An `assessment` is a collections of *attributes* associated with a `data_file`. In the follwing example we're dealing with a very small object detection dataset in the common `Coco` format. So each `data_file` is an image in the dataset and the collection of bounding boxes associated with each image is the `assessment`.

In the real world `assessment`s can be created in several different ways. This notebook demos a few common usecases:

  - You have an existing dataaset in Coco format, you wish to upload the image and the annotations.
  - You have an existing dataset in some custom format the is not currently supported by the `highlighter-sdk`
  - You have some local process like a deep learning model you run locally to produce outputs you wish to upload as `assessment`s in Highligher

---

First we need to install the `highlighter-sdk`

In [None]:
!pip install --quiet highlighter-sdk

# Imports and Download Sample Dataset

In [None]:
import json
from pathlib import Path
from uuid import uuid4
import urllib
import tarfile
import tempfile
import os


import highlighter as hl
from highlighter.datasets import ImageRecord, AttributeRecord, Dataset

from IPython.display import display_html
from itertools import chain,cycle

def show_dataset(ds):
    """Helper to display Datasets nicely in the Notebook
    """
    html_str=''
    for df,title in zip([ds.annotations_df, ds.data_files_df], chain(["Annotations", "Data Files"],cycle(['</br>'])) ):
        html_str+='<th style="text-align:center"><td style="vertical-align:top">'
        html_str+=f'<h2 style="text-align: center;">{title}</h2>'
        html_str+=df.head(5).to_html().replace('table','table style="display:inline"')
        html_str+=f'<br> shape: {df.shape}</td></th>'
    display_html(html_str,raw=True)


SAMPLE_DATASET_URL = "https://highlighter-public.s3.ap-southeast-2.amazonaws.com/simple-shapes-coco/simple_shapes_dataset.tar"

TEMP_DIR = Path(tempfile.mkdtemp())


In [None]:

def get_sample_data(temp_dir=TEMP_DIR):
    dataset_path = TEMP_DIR / "sample_dataset"
    coco_json = dataset_path / "data.json"
    data_files_dir = dataset_path / "images"

    if coco_json.exists():
        print(f"Existing data found at: {dataset_path}")
        return coco_json, data_files_dir

    try:
        # Download the tar file
        filename = SAMPLE_DATASET_URL.split('/')[-1]
        filepath = Path(temp_dir) / filename
        urllib.request.urlretrieve(SAMPLE_DATASET_URL, filepath)

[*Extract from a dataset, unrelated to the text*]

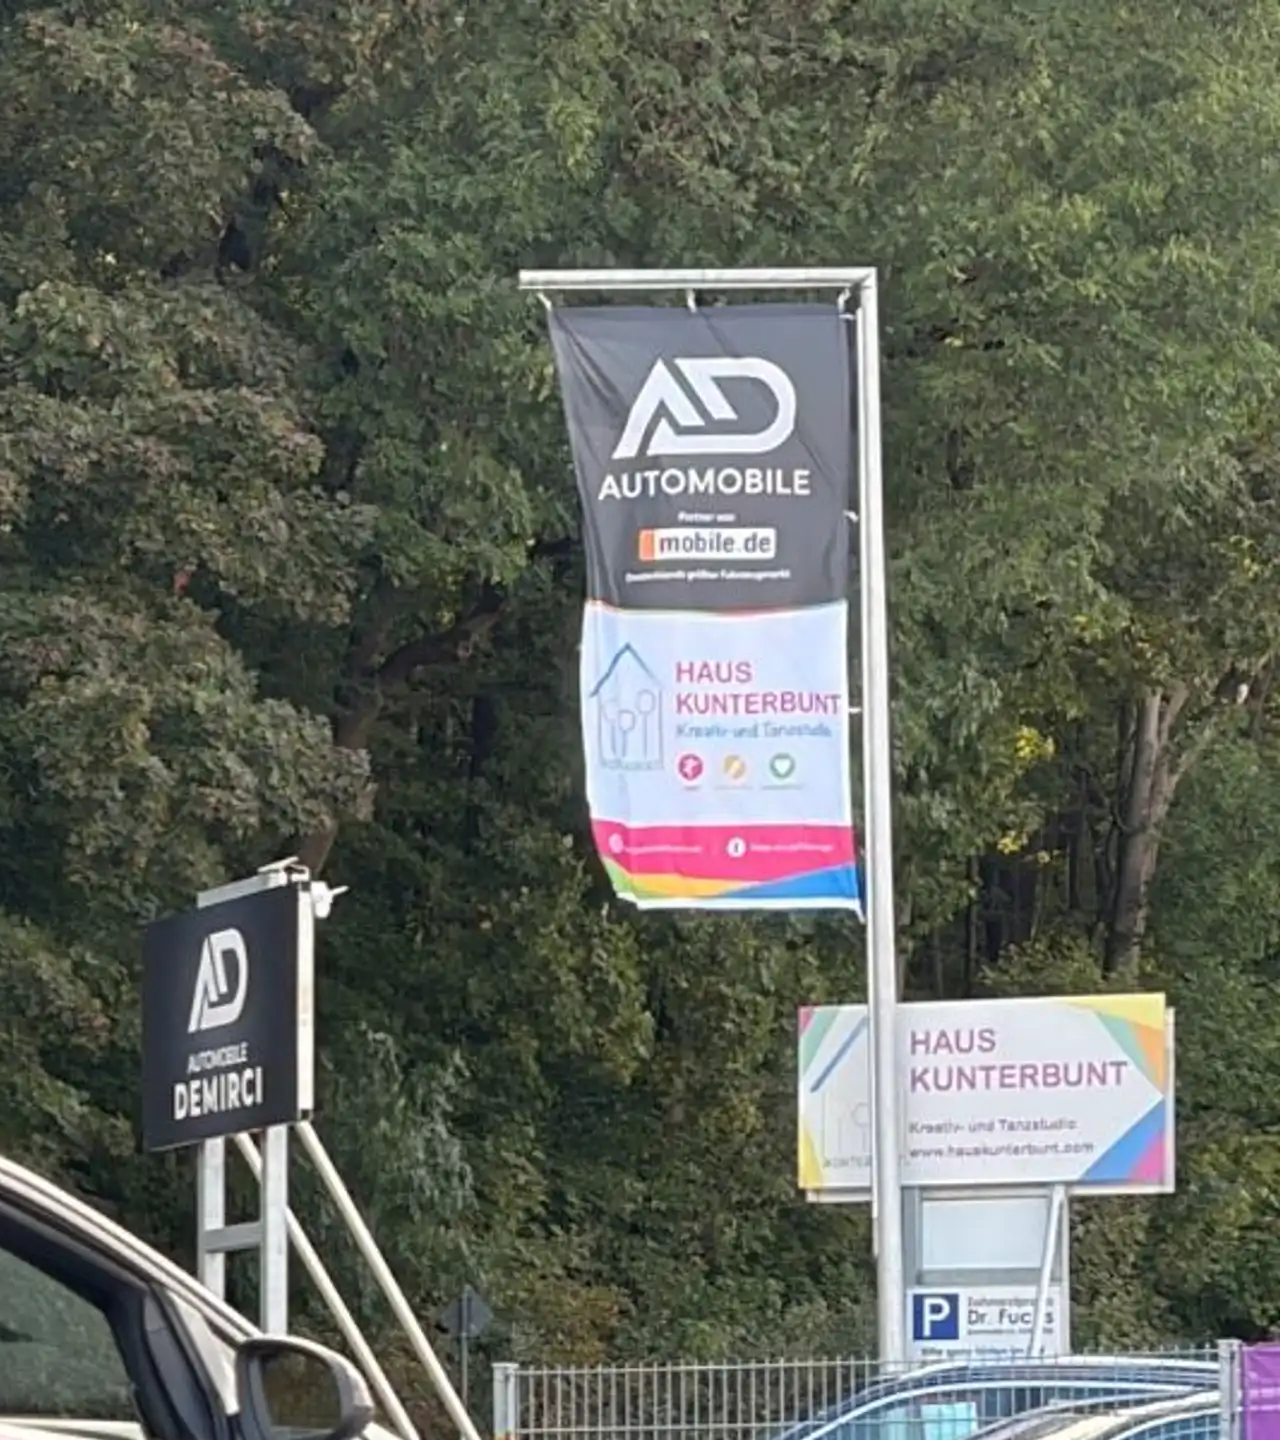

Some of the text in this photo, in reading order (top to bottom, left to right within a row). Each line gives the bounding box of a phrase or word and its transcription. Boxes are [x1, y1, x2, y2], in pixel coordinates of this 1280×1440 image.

        # Extract the tar file
        with tarfile.open(filepath, 'r') as tar:
            tar.extractall(temp_dir)

        (Path(temp_dir) / filepath.stem).rename(dataset_path)
        print(f"File downloaded and extracted to: {dataset_path}")

    except Exception as e:
        print("Error:", e)

    return coco_json, data_files_dir


# Create a Dataset From A Supported Format

Some common dataset formats can be read from out-of-the-box, and we plan to add more as time goes on.



In [None]:
COCO_JSON, DATA_FILES_DIR = get_sample_data()

In [None]:
ds = Dataset.read_coco(COCO_JSON)

In [None]:
show_dataset(ds)

# Initalize A Highlighter Client

In [None]:
api_token = "ADD API TOKEN HERE"  # See https://highlighter-docs.netlify.app/docs/how-to-guides/highlighter-credentials/ for more info
endpoint_url = "https://<YOUR ACCOUNT SUB DOMAIN>.highlighter.ai/graphql"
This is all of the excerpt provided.